Here's one reason why I think constant time factors can be really important: we tend to use the same set of tools for most of the code we write.  The result is that slow constant time techniques tend to get into 100% of our code; ripping out a slow constant time technique and fixing it isn't a matter of a "hot spot" - it can be a complete app rewrite.

The string map< occurs 588 times in the WED code base.  set< occurs 822 times!  Approximately 100% of this code is running a lot slower than it could be.  This performance problem is the cumulative result of using slow-constant-time coding techniques for years.

So if we're going to avoid slow constant time techniques, we need to figure out what is inefficient and find an efficient replacement.  And we need to do this early on, so that we can use the right idiom in our code, not the wrong one.  This doesn't sound like something that can be done after coding is complete, in a late-stage optimization pass.

3. The Weight Of Unnecessary Generalization

We're programmers.  We generalize things; it's just what we do.  But when we generalize code unnecessarily, performance goes out the window.

Unnecessary generalization is using an algorithm to take the intersection of two arbitrary polygons with holes when all we really want to do is clip a triangle against an axis-aligned bounding box.

Unnecessary generalization is making a "drawing" function that draws a universal triangle (a triangle with color, texture and position) and then making every single part of the application use that canonical call.

Unnecessary generalization is when your selected solution to a problem doesn't fit the problem like a glove.

Unnecessary generalization can come in the form of a "simplifying abstraction".  WorldEditor redraws the entire screen when any part of the screen needs redrawing.  This is a simplifying abstraction - none of the code needs to worry about keeping track of dirty regions or invalidating the right parts of the screen.  We solve the general problem of filling the whole screen instead of the specific (but more complex) problem of filling in specific areas.  You can see the performance problem here: the general form of the problem does unnecessary work because the optimization we could have taken with the specific version of the problem is lost.

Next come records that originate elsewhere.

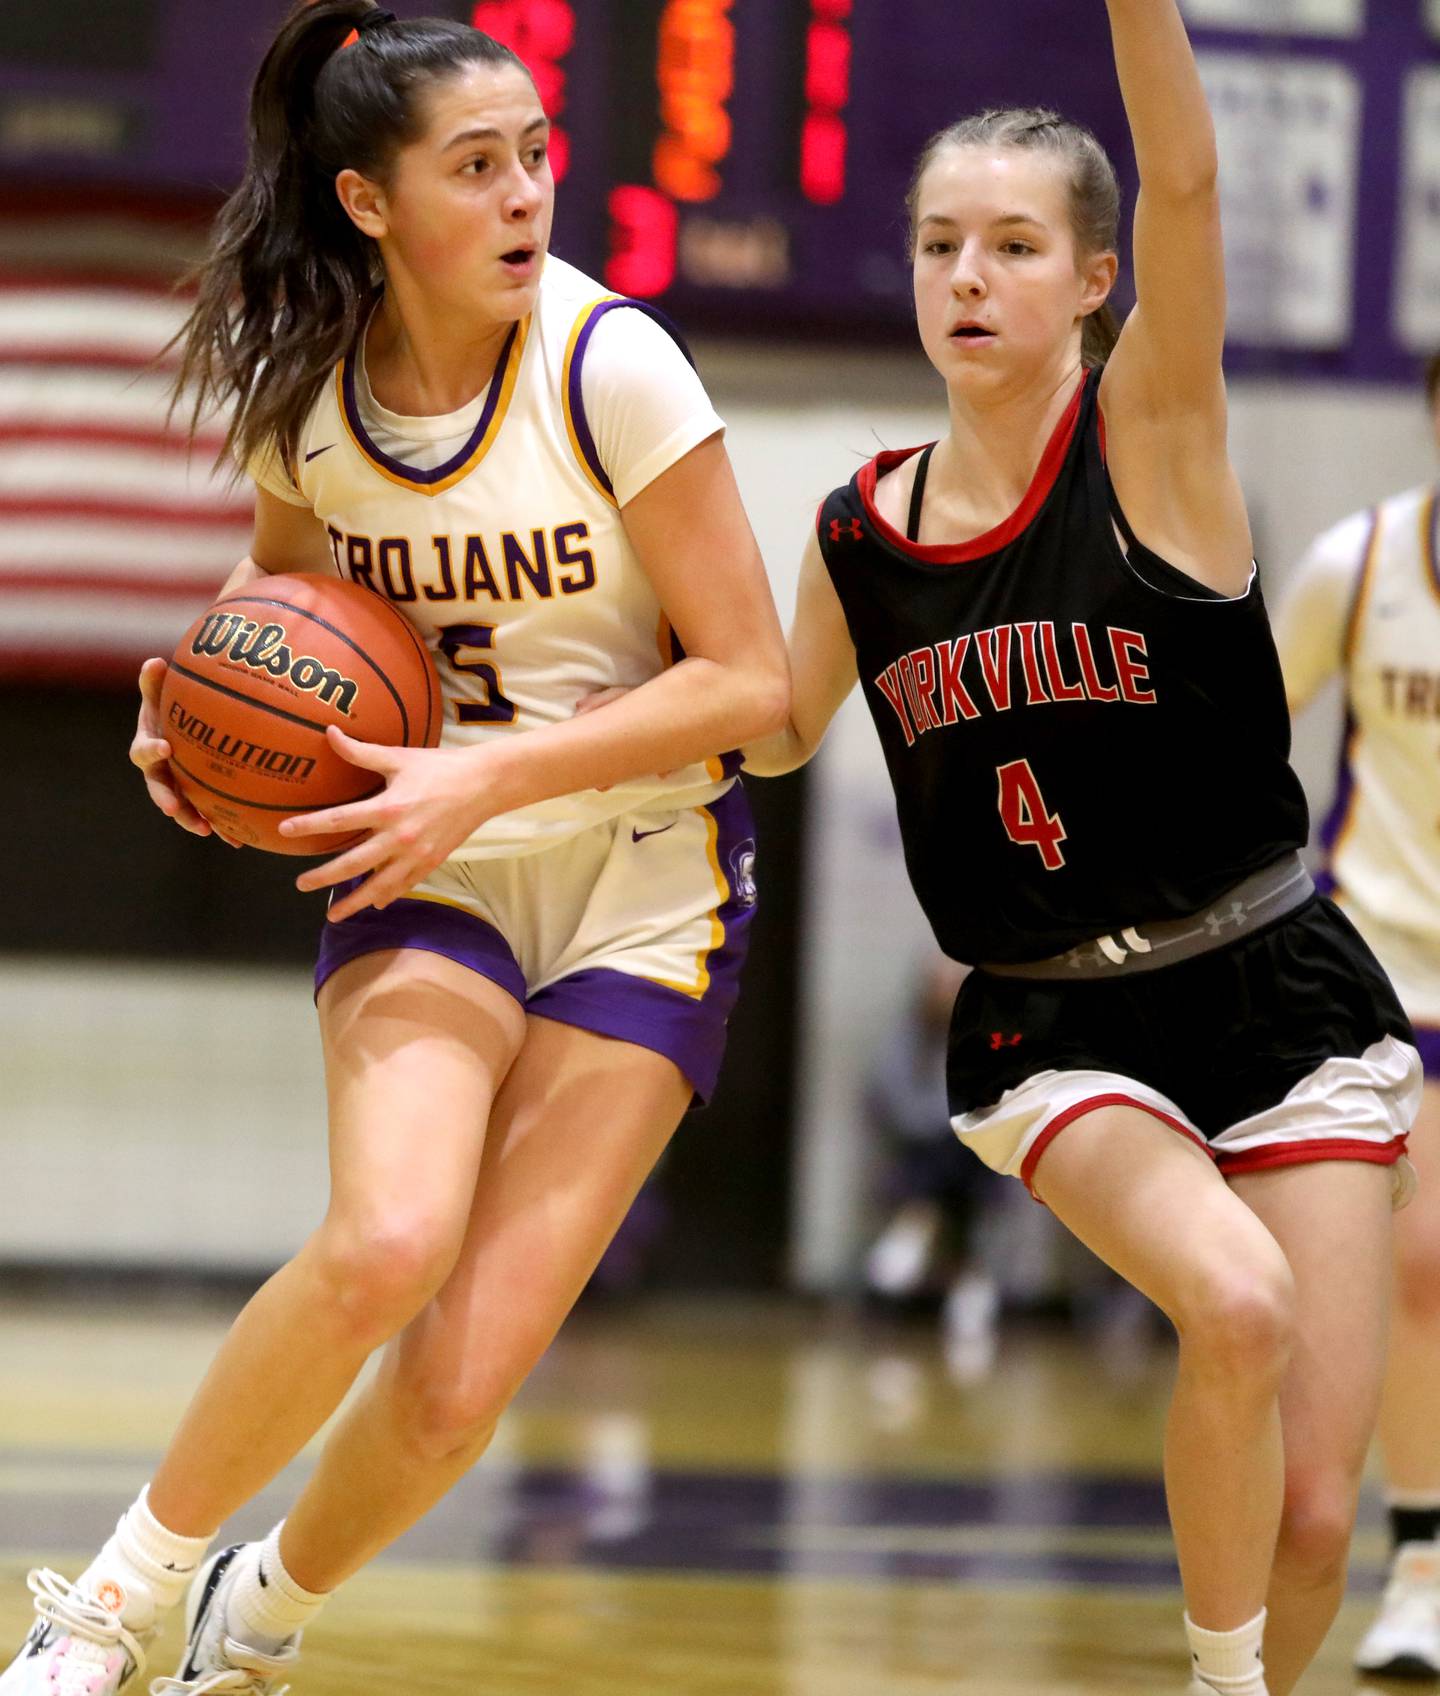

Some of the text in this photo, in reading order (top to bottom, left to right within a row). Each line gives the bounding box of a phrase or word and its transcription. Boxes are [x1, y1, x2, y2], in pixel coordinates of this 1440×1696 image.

[326, 519, 597, 602] TROJANS
[191, 613, 358, 716] Wilson
[434, 621, 519, 726] 5
[874, 621, 1157, 747] YORKVILLE
[1380, 666, 1440, 718] TR
[169, 701, 316, 779] EVOLUTION
[996, 758, 1068, 870] 4

There are lots of ways to create overly general code:
  1. Using an overly general solution to a specific problem.  The programmer thinks he or she is making the code "future proof", but really the programmer is simply making Mike Acton even more grumpy.
  2. Solving a simpler problem that is more computationally expensive.
  3. Applying simplifying (but performance-expensive) abstractions between parts of the program that make the direct expression of specific solutions impossible.
This last kind of generalization weight is particularly evil because it's hard to fix after the fact.  Once you have an abstraction in place, lots of code ends up being written in terms of that abstraction. Getting rid of the abstraction can mean a huge rewrite.

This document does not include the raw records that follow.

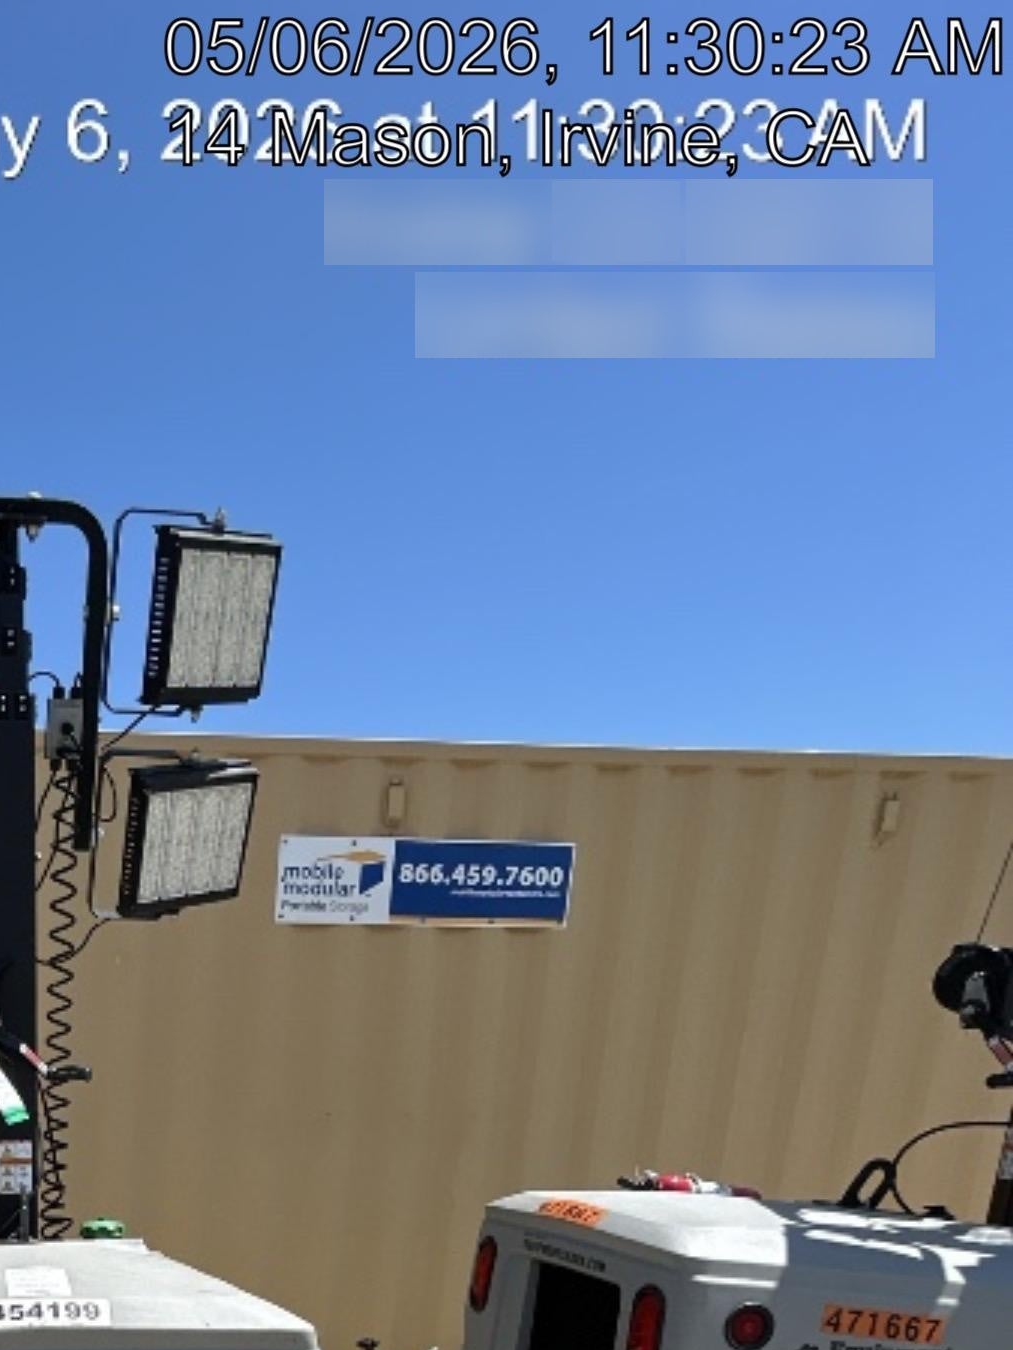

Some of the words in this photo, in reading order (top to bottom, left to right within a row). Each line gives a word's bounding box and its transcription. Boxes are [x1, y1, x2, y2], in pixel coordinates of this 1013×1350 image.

[281, 863, 345, 881] mobile
[398, 863, 564, 886] 866.459.7600
[283, 881, 357, 897] modular
[825, 1307, 942, 1343] 471667
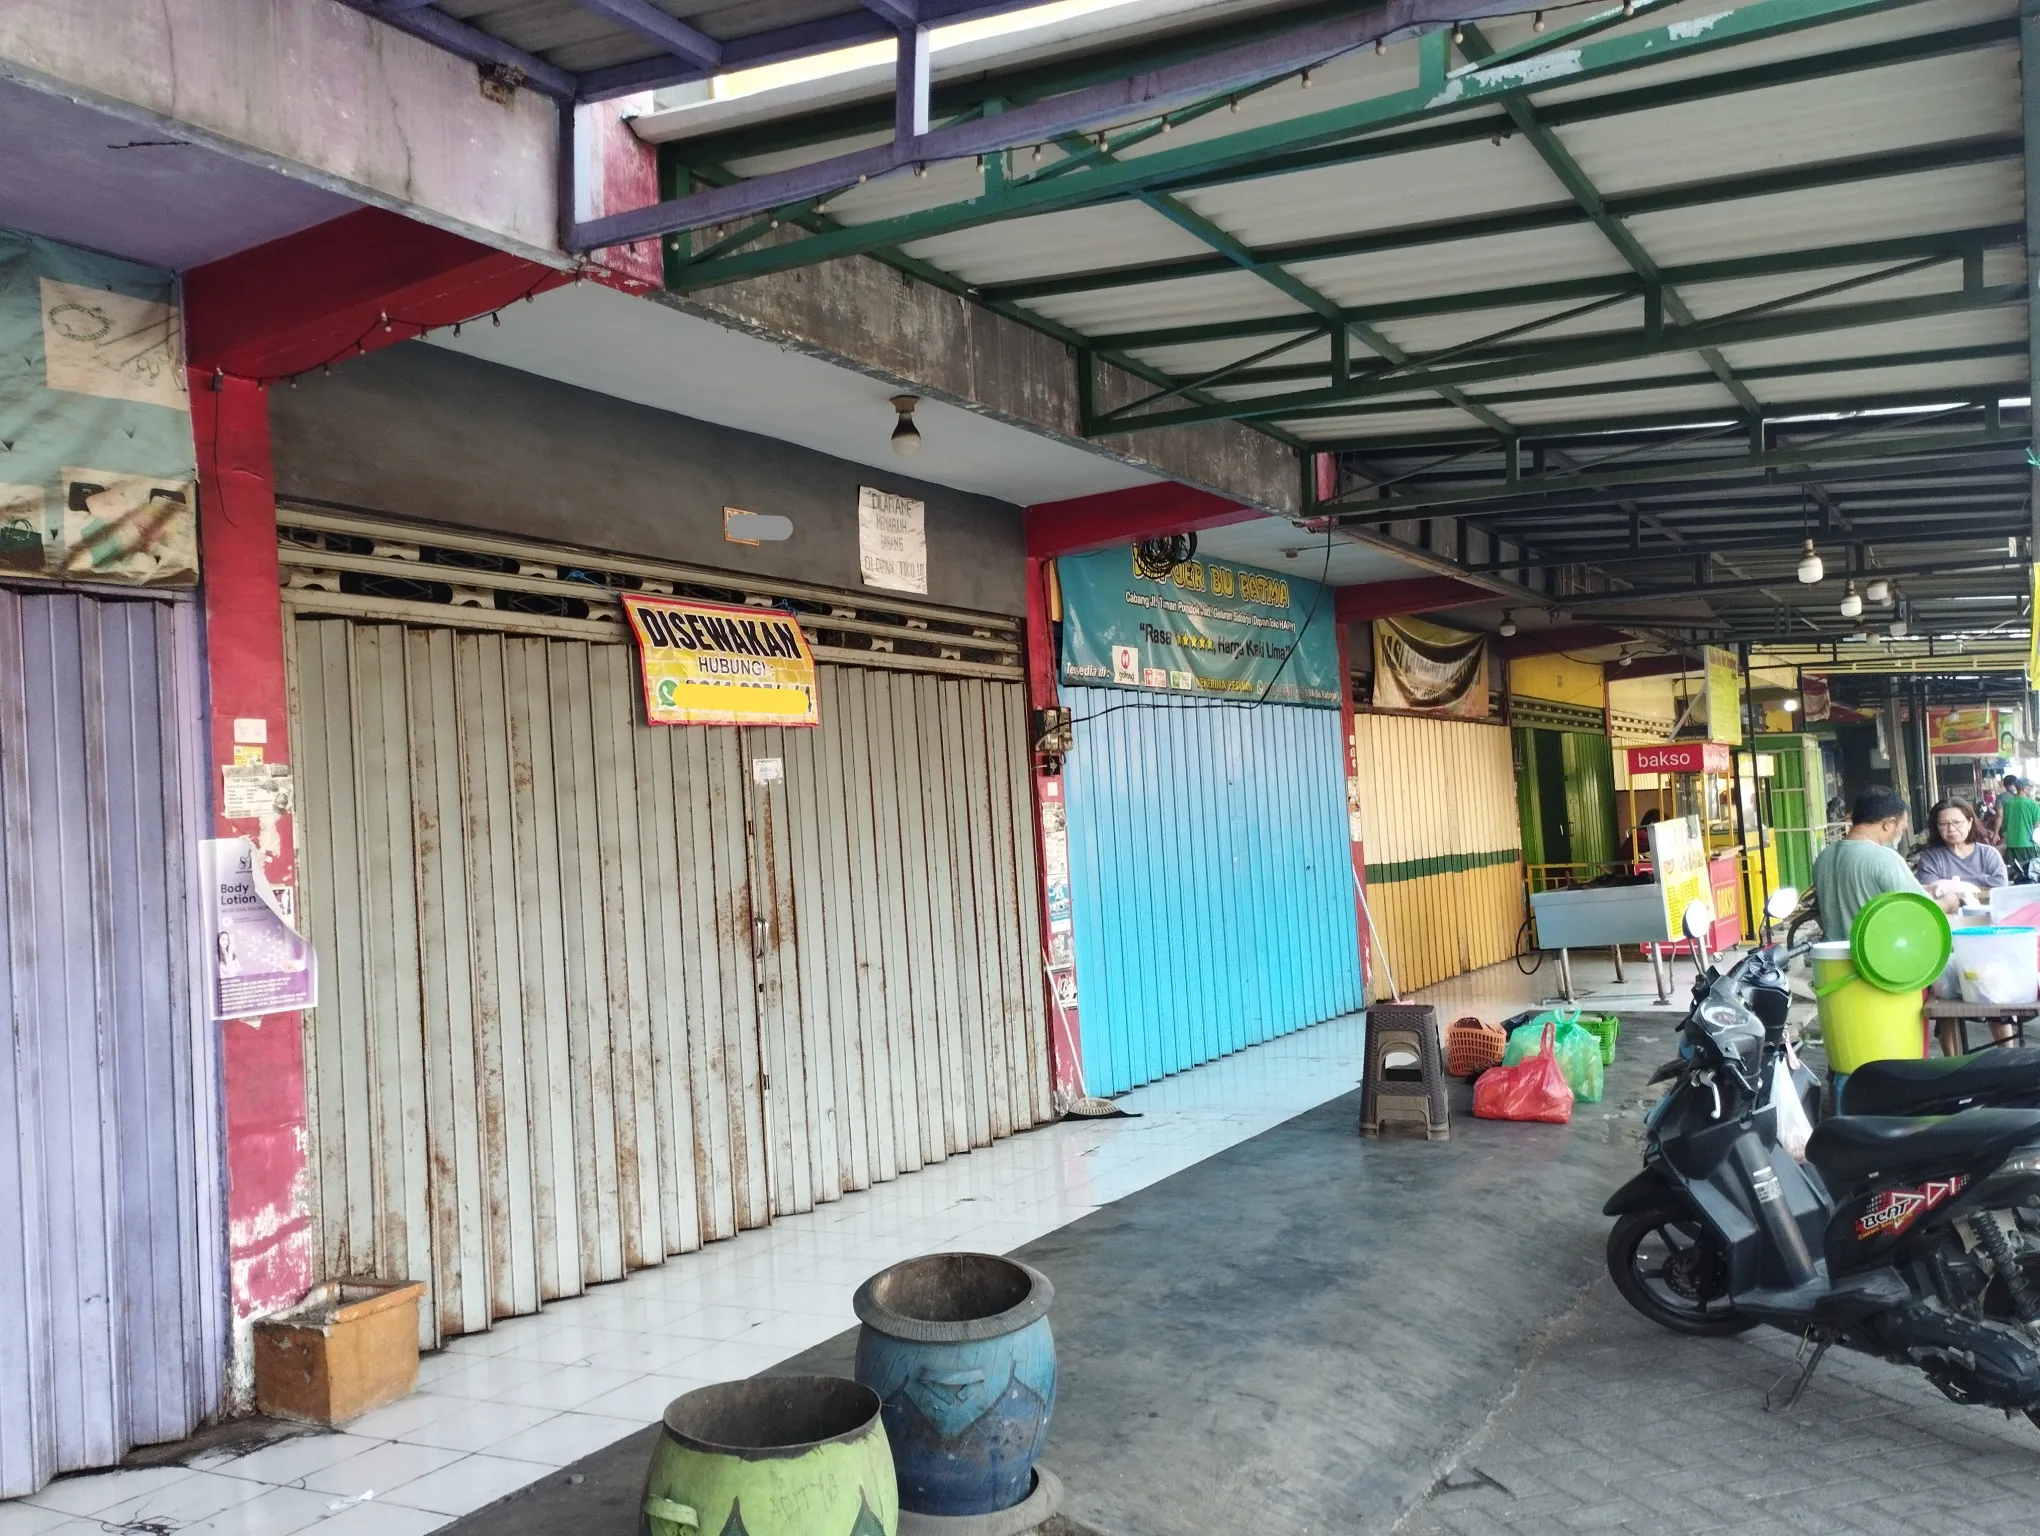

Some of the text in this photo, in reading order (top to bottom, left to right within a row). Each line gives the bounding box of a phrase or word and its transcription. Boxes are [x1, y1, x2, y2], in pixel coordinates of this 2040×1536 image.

[1208, 564, 1234, 599] BU
[1238, 571, 1289, 608] FATMA
[1125, 591, 1149, 608] Cabang
[1178, 601, 1200, 615] Pondok
[637, 608, 802, 659] DISEWAKAN
[698, 657, 767, 676] HUBUNGI
[1638, 751, 1690, 768] bakso
[221, 883, 249, 894] Body
[221, 895, 257, 905] Lotion

Can we fix overly general code after the fact?  Probably not without a rewrite.  When the general code is in the form of an interface (the drawing module's interface is "I will draw one textured triangle") then huge amounts of code can require a serious rewrite to fix the problem.

4. Compound Interest

This is the last and most important problem: performance problems compound.  If you have three generalizations and each makes your code run 25% slower, your code is now almost twice as slow as without them.  Generalizations weigh down on top of constant time penalties, and that slow code then has to plow through too much data.  It's easy to dismiss all of these problems (doing more work than necessary, slow constant-time factors, and unnecessary generalization) because any one of these things might not be that bad.

Compounding is why a 1% fee is a big deal in finance and why a 1% performance gain or loss is a big deal for driver writers.

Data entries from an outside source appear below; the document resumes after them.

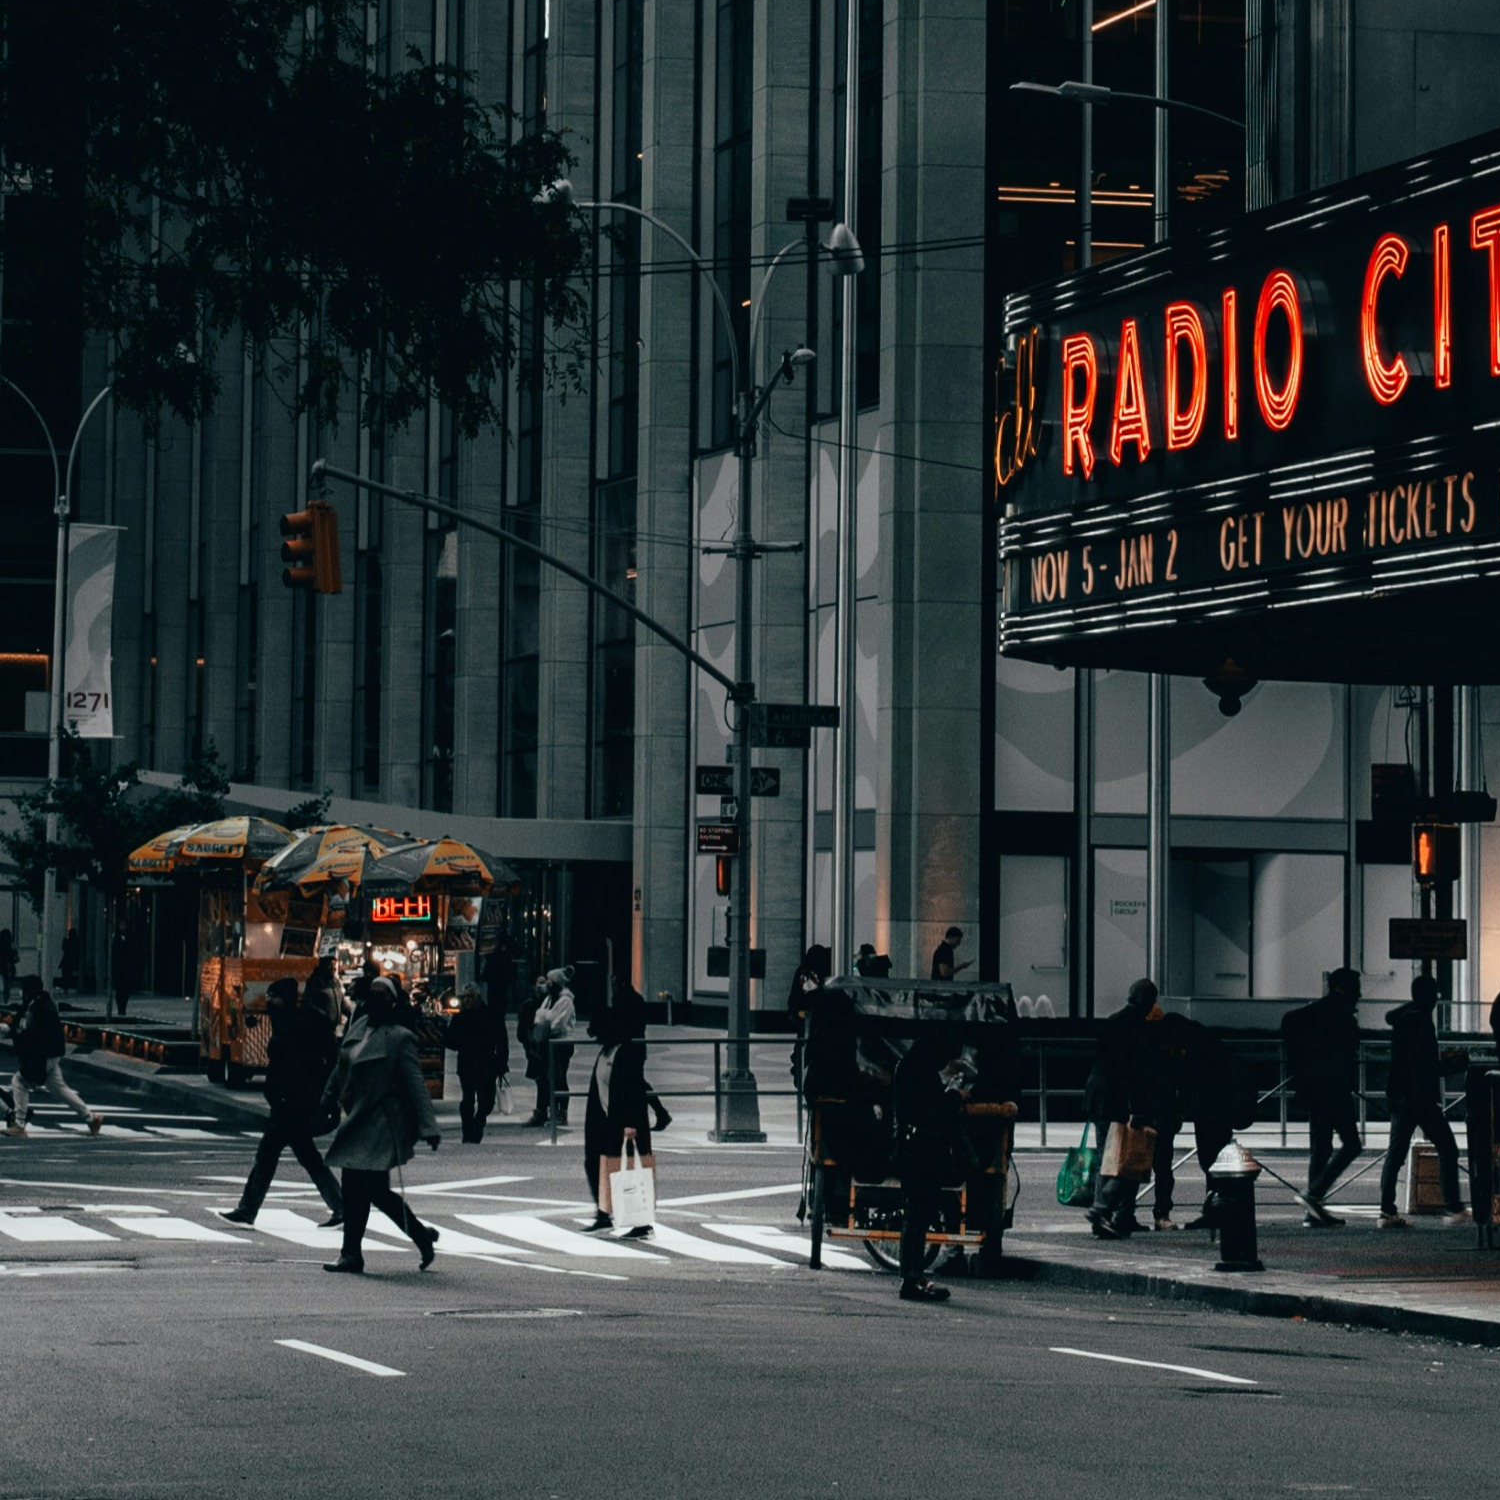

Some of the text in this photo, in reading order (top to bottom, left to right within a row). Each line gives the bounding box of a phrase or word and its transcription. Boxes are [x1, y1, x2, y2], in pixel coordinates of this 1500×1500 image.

[1061, 268, 1304, 481] RADIO
[1031, 549, 1070, 604] NOV
[1165, 528, 1178, 581] 2
[1219, 510, 1265, 572] GET
[1282, 497, 1348, 561] YOUR
[1367, 470, 1477, 548] TICKETS
[67, 692, 108, 712] 1271
[772, 712, 835, 725] AMERICAS
[774, 730, 786, 746] 6
[703, 774, 729, 787] ONE
[186, 843, 241, 853] SABRETT

You can say "oh, well, if anything's really bad I'll pick it off with a profiler and fix it".  But because of compounding, your code might be slow due to a large number of small factors, and it might be a lot of coding to fix them all. (This is the dreaded "uniformly slow code" case where every function takes 1% of CPU and you have to make one hundred separate performance optimizations to improve performance at all.)

Good Performance Comes From Design

This brings me to the point I originally wanted to make about Knuth and premature optimization before Joshua beat me to it: if a program has good performance, it is because somebody designed it to be that way.

Good performance comes from keeping multiple performance problems from compounding.  Look at our sources of poor performance:
  • Doing unnecessary work.  This has to get fixed at algorithm design time and even product definition time. If you have the wrong algorithm, that's a bad design choice.
  • Using slow coding idioms.  This permeates all of your code, so rewriting with faster technique later is going to be expensive.
  • Including generalizations that are unaffordable and unnecessary.  Once you depend on the abstractions and generalizations, removing them are painful.
These are all up-front considerations!

In Knuth's original paper he suggests:
that all compilers written from now on should be designed to provide all programmers with feedback indicating what parts of their programs are costing the most; indeed, this feedback should be supplied automatically unless it has been specifically turned off. 
But this isn't enough.  It's not enough to measure how fast code is, and then change it.  To make a program meet it's performance guidelines you need to design for performance.
  • Understand the size of your data sets and the scope of the computation needed; select an algorithm that can solve the problem within resources.
  • Pick coding idioms that will implement that algorithm "on budget".
  • Add only abstractions that add value and don't penalize your performance target.
Optimization before you have done these things is premature!  But then, so is writing production code.

Sunday, January 04, 2015

High Performance Code Is Designed, Not Optimized

Sigh...this is what I get for pretending to do work when I could have been writing blog posts and changing my blogger theme a few dozen times.  I was totally going to write a big rant about how it's not okay to use Knuth as an excuse to pull code straight out of your ass and then hope to fix performance at the last minute by repeatedly finding and beating on the hot spots with a profiler.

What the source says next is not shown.